* _Goal of the exercise_
Below are records; output all of them exactly.

* _Saved entries_
★ ★ ★ ★

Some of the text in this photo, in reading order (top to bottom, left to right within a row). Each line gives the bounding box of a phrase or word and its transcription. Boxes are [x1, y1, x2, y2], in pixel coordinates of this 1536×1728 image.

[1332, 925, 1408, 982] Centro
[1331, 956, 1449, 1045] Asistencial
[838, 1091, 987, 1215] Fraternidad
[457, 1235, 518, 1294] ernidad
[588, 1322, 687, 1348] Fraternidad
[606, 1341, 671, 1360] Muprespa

★ ★ ★ ★

* _Reply to the task_
Some of the text in this photo, in reading order (top to bottom, left to right within a row). Each line gives the bounding box of a phrase or word and its transcription. Boxes are [x1, y1, x2, y2], in pixel coordinates of this 1536×1728 image.

[1332, 925, 1408, 982] Centro
[1331, 956, 1449, 1045] Asistencial
[838, 1091, 987, 1215] Fraternidad
[457, 1235, 518, 1294] ernidad
[588, 1322, 687, 1348] Fraternidad
[606, 1341, 671, 1360] Muprespa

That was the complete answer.